[Start of Attachment]

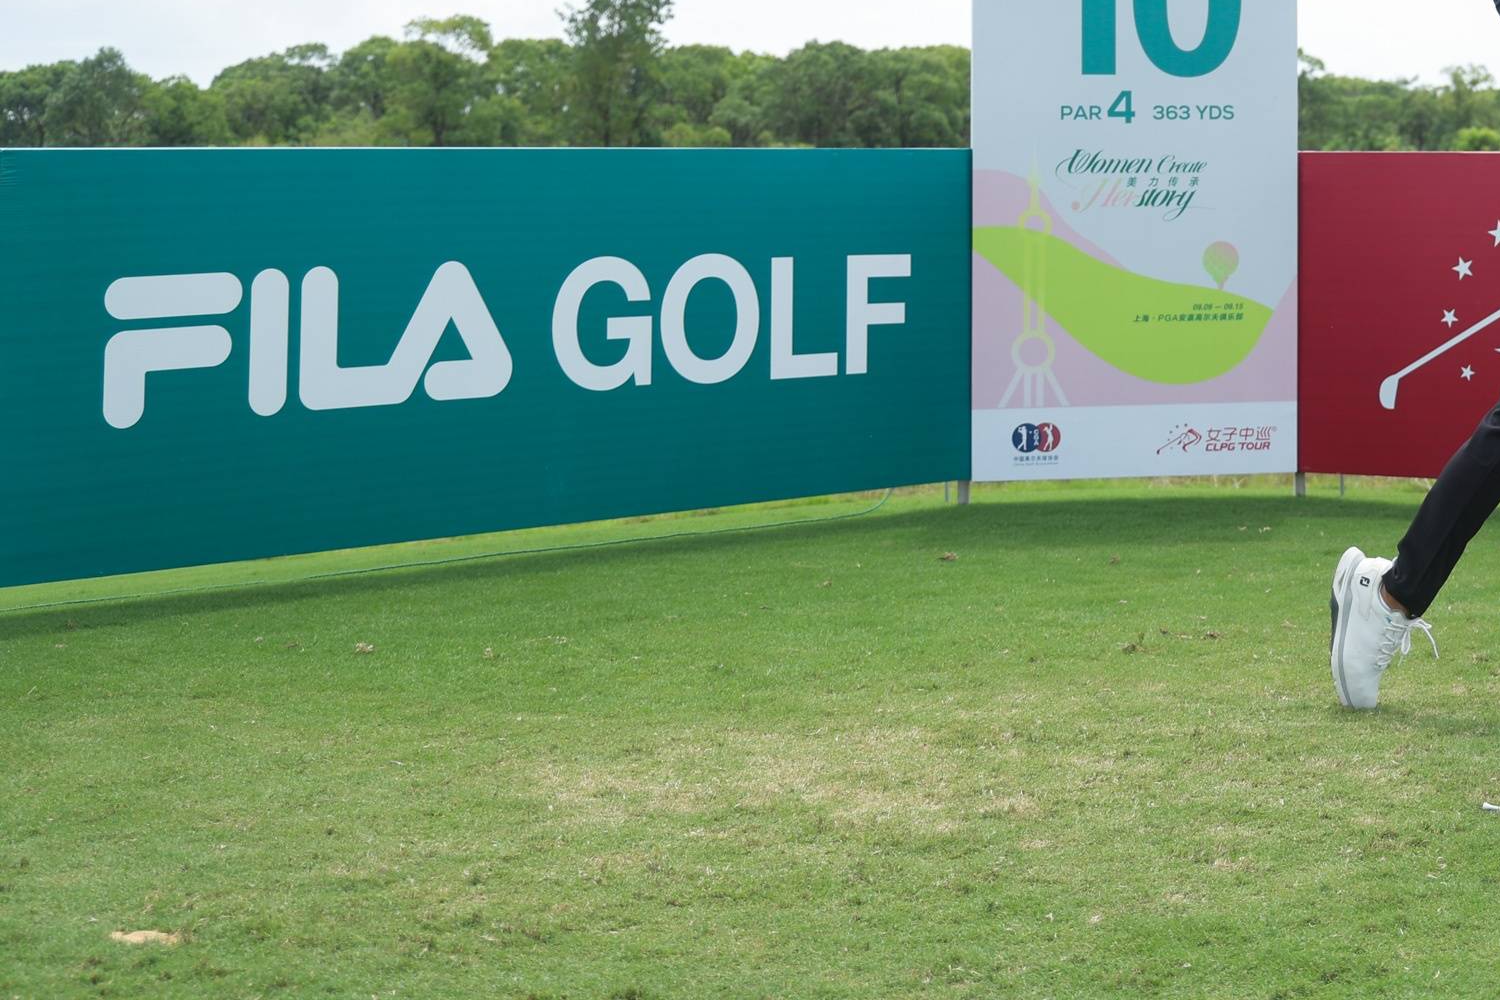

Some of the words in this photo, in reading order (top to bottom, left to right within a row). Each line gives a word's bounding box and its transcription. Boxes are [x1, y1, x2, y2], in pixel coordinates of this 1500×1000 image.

[1060, 105, 1102, 120] PAR
[1106, 90, 1136, 124] 4
[1152, 105, 1191, 120] 363
[1195, 105, 1235, 120] YDS
[1055, 149, 1152, 176] Women
[1156, 154, 1208, 174] Create
[103, 260, 513, 429] FILA
[552, 252, 912, 391] GOLF
[1205, 442, 1235, 451] CLPG
[1239, 441, 1271, 450] TOUR
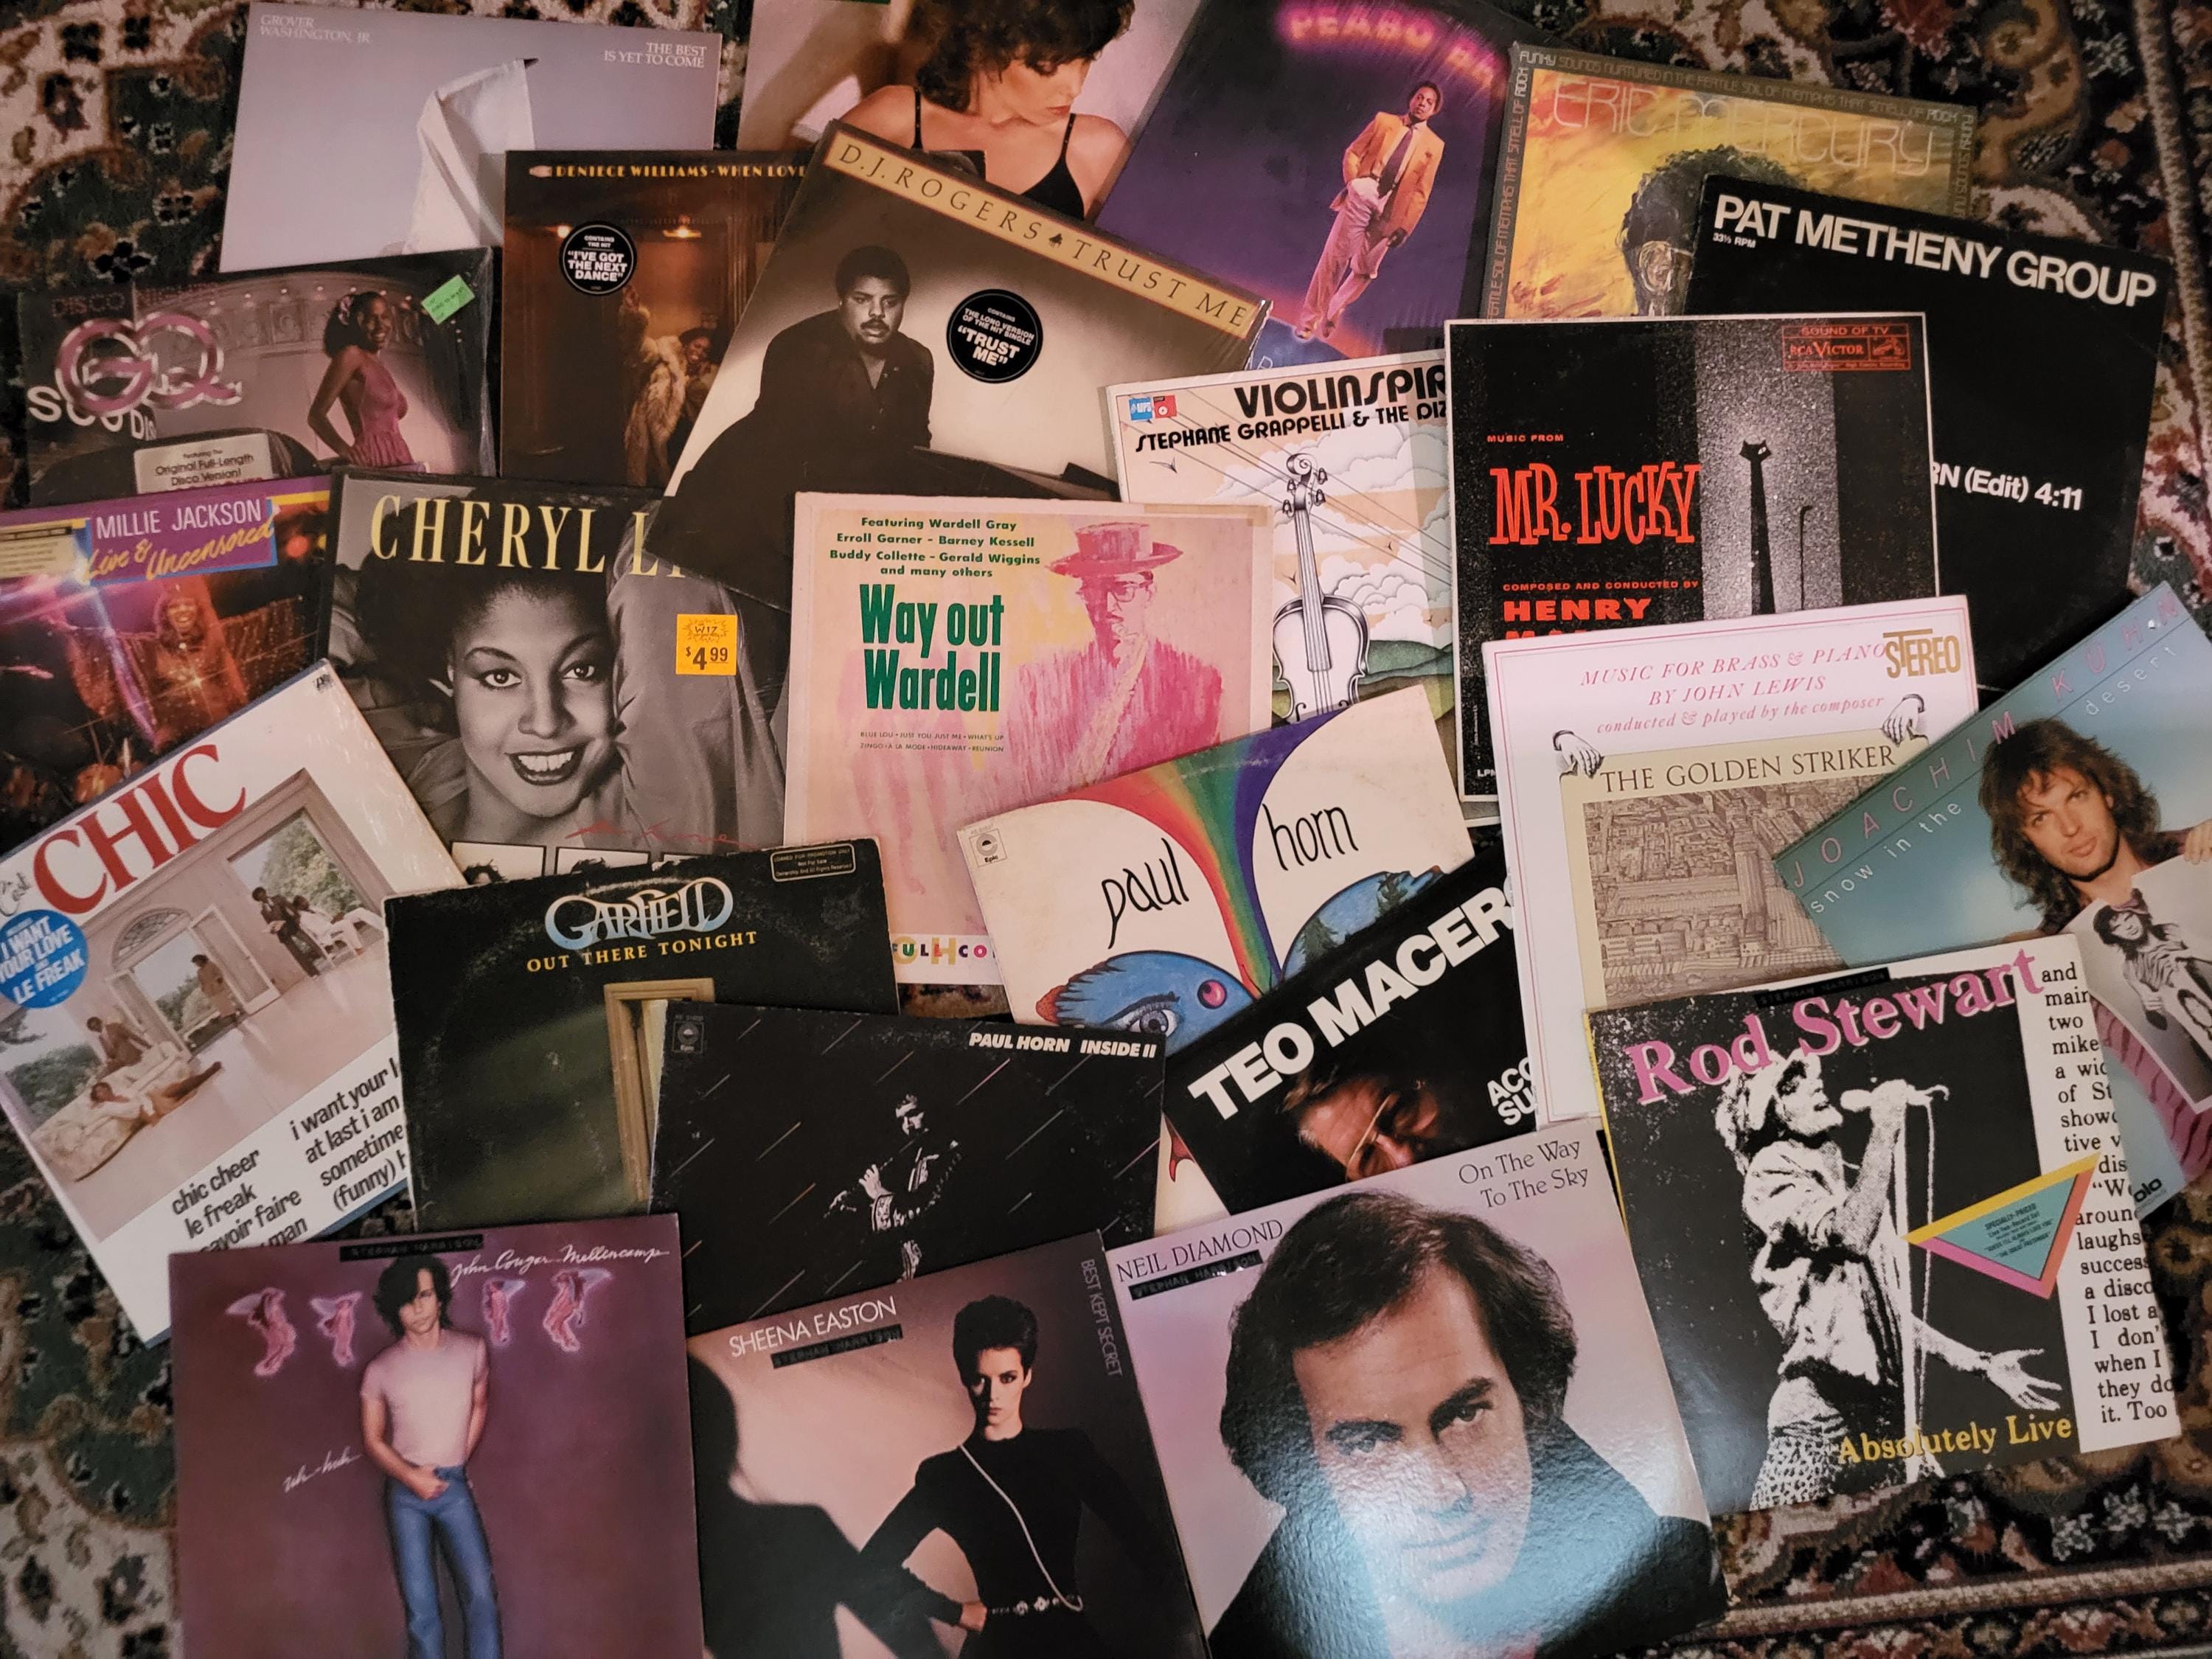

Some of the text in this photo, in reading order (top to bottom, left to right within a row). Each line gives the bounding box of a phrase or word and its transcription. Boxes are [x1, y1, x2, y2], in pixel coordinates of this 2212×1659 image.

[260, 15, 315, 27] GROVER
[604, 49, 705, 68] IS YET TO COME
[646, 43, 707, 58] THE BEST
[1554, 76, 1659, 137] ERIC
[556, 166, 625, 178] DENIECE
[631, 166, 709, 178] WILLIAMS
[717, 166, 762, 178] WHEN
[599, 252, 625, 263] GOT
[895, 167, 1250, 329] ROGERS TRUST ME
[1714, 194, 2157, 307] PAT METHENY GROUP
[1733, 236, 1756, 248] RPM
[568, 260, 628, 273] THE NEXT
[964, 308, 1035, 341] THE LONG VERSION
[1004, 330, 1032, 346] SINGLE
[1801, 325, 1890, 336] SOUND OF TV
[1790, 344, 1812, 356] RCA
[1135, 404, 1409, 453] STEPHANE GRAPPELLI & THE
[1487, 434, 1526, 442] MUSIC
[156, 453, 254, 476] Original Full-Length
[171, 474, 201, 487] Disco
[1489, 461, 1702, 545] MR. LUCKY
[1964, 467, 2083, 510] (Edit) 4:11
[97, 499, 262, 540] MILLIE JACKSON
[371, 495, 606, 573] CHERYL
[861, 518, 1017, 531] Featuring Wardell Gray
[146, 520, 275, 581] Uncensored
[830, 549, 1040, 566] Buddy Collette Gerald Wiggins
[837, 533, 1034, 547] Erroll Garner Barney Kessell
[880, 566, 992, 578] and many others
[1503, 582, 1571, 591] COMPOSED
[1605, 580, 1678, 589] CONDUCTED
[1683, 580, 1699, 588] BY
[859, 584, 1004, 658] Way out
[1503, 598, 1652, 622] HENRY
[1580, 643, 1886, 686] MUSIC FOR BRASS & PIANO
[1883, 628, 1961, 678] STEREO
[863, 649, 1001, 712] Wardell
[1648, 675, 1826, 707] BY JOHN LEWIS
[1596, 695, 1885, 735] conducted & played by the composer
[1599, 745, 1897, 794] THE GOLDEN STRIKER
[1810, 644, 2177, 914] snow in the desert
[1792, 710, 2018, 889] JOACHIM
[33, 744, 246, 914] CHIC
[1101, 804, 1359, 950] paul horn
[545, 877, 734, 950] GARFIELD
[8, 916, 52, 955] WANT
[34, 923, 74, 960] LOVE
[526, 931, 758, 973] OUT THERE TONIGHT
[13, 948, 86, 1005] LE FREAK
[2042, 961, 2078, 983] and
[1624, 947, 2044, 1106] Rod Stewart
[2048, 1015, 2084, 1031] two
[968, 1032, 1157, 1059] PAUL HORN INSIDE II
[2052, 1034, 2100, 1055] mike
[1188, 1022, 1315, 1121] TEO
[2055, 1066, 2066, 1079] a
[300, 1068, 389, 1135] want your
[2058, 1084, 2078, 1104] of
[305, 1095, 401, 1164] at last am
[2065, 1135, 2101, 1152] tive
[172, 1148, 260, 1215] chic cheer
[1458, 1140, 1580, 1184] On The Way
[333, 1158, 397, 1212] (funny)
[1480, 1168, 1588, 1208] To The Sky
[184, 1181, 257, 1239] le freak
[254, 1189, 303, 1228] faire
[1116, 1219, 1283, 1282] NEIL DIAMOND
[2076, 1228, 2142, 1251] laughs
[2084, 1286, 2096, 1299] a
[729, 1319, 812, 1357] SHEENA
[813, 1295, 897, 1336] EASTON
[1081, 1259, 1124, 1377] BEST KEPT SECRET
[2086, 1303, 2140, 1324] I lost
[2090, 1329, 2100, 1349] I
[2094, 1353, 2147, 1374] when
[2098, 1378, 2140, 1399] they
[2101, 1401, 2168, 1423] it. Too
[1838, 1413, 2072, 1464] Absolutely Live

[End of Attachment]

Only an exact copy of the records, free of images, belongs in the answer.

Your response:
Some of the words in this photo, in reading order (top to bottom, left to right within a row). Each line gives a word's bounding box and its transcription. Boxes are [x1, y1, x2, y2], in pixel coordinates of this 1500×1000 image.

[1060, 105, 1102, 120] PAR
[1106, 90, 1136, 124] 4
[1152, 105, 1191, 120] 363
[1195, 105, 1235, 120] YDS
[1055, 149, 1152, 176] Women
[1156, 154, 1208, 174] Create
[103, 260, 513, 429] FILA
[552, 252, 912, 391] GOLF
[1205, 442, 1235, 451] CLPG
[1239, 441, 1271, 450] TOUR

Some of the text in this photo, in reading order (top to bottom, left to right within a row). Each line gives the bounding box of a phrase or word and its transcription. Boxes are [x1, y1, x2, y2], in pixel coordinates of this 2212×1659 image.

[260, 15, 315, 27] GROVER
[604, 49, 705, 68] IS YET TO COME
[646, 43, 707, 58] THE BEST
[1554, 76, 1659, 137] ERIC
[556, 166, 625, 178] DENIECE
[631, 166, 709, 178] WILLIAMS
[717, 166, 762, 178] WHEN
[599, 252, 625, 263] GOT
[895, 167, 1250, 329] ROGERS TRUST ME
[1714, 194, 2157, 307] PAT METHENY GROUP
[1733, 236, 1756, 248] RPM
[568, 260, 628, 273] THE NEXT
[964, 308, 1035, 341] THE LONG VERSION
[1004, 330, 1032, 346] SINGLE
[1801, 325, 1890, 336] SOUND OF TV
[1790, 344, 1812, 356] RCA
[1135, 404, 1409, 453] STEPHANE GRAPPELLI & THE
[1487, 434, 1526, 442] MUSIC
[156, 453, 254, 476] Original Full-Length
[171, 474, 201, 487] Disco
[1489, 461, 1702, 545] MR. LUCKY
[1964, 467, 2083, 510] (Edit) 4:11
[97, 499, 262, 540] MILLIE JACKSON
[371, 495, 606, 573] CHERYL
[861, 518, 1017, 531] Featuring Wardell Gray
[146, 520, 275, 581] Uncensored
[830, 549, 1040, 566] Buddy Collette Gerald Wiggins
[837, 533, 1034, 547] Erroll Garner Barney Kessell
[880, 566, 992, 578] and many others
[1503, 582, 1571, 591] COMPOSED
[1605, 580, 1678, 589] CONDUCTED
[1683, 580, 1699, 588] BY
[859, 584, 1004, 658] Way out
[1503, 598, 1652, 622] HENRY
[1580, 643, 1886, 686] MUSIC FOR BRASS & PIANO
[1883, 628, 1961, 678] STEREO
[863, 649, 1001, 712] Wardell
[1648, 675, 1826, 707] BY JOHN LEWIS
[1596, 695, 1885, 735] conducted & played by the composer
[1599, 745, 1897, 794] THE GOLDEN STRIKER
[1810, 644, 2177, 914] snow in the desert
[1792, 710, 2018, 889] JOACHIM
[33, 744, 246, 914] CHIC
[1101, 804, 1359, 950] paul horn
[545, 877, 734, 950] GARFIELD
[8, 916, 52, 955] WANT
[34, 923, 74, 960] LOVE
[526, 931, 758, 973] OUT THERE TONIGHT
[13, 948, 86, 1005] LE FREAK
[2042, 961, 2078, 983] and
[1624, 947, 2044, 1106] Rod Stewart
[2048, 1015, 2084, 1031] two
[968, 1032, 1157, 1059] PAUL HORN INSIDE II
[2052, 1034, 2100, 1055] mike
[1188, 1022, 1315, 1121] TEO
[2055, 1066, 2066, 1079] a
[300, 1068, 389, 1135] want your
[2058, 1084, 2078, 1104] of
[305, 1095, 401, 1164] at last am
[2065, 1135, 2101, 1152] tive
[172, 1148, 260, 1215] chic cheer
[1458, 1140, 1580, 1184] On The Way
[333, 1158, 397, 1212] (funny)
[1480, 1168, 1588, 1208] To The Sky
[184, 1181, 257, 1239] le freak
[254, 1189, 303, 1228] faire
[1116, 1219, 1283, 1282] NEIL DIAMOND
[2076, 1228, 2142, 1251] laughs
[2084, 1286, 2096, 1299] a
[729, 1319, 812, 1357] SHEENA
[813, 1295, 897, 1336] EASTON
[1081, 1259, 1124, 1377] BEST KEPT SECRET
[2086, 1303, 2140, 1324] I lost
[2090, 1329, 2100, 1349] I
[2094, 1353, 2147, 1374] when
[2098, 1378, 2140, 1399] they
[2101, 1401, 2168, 1423] it. Too
[1838, 1413, 2072, 1464] Absolutely Live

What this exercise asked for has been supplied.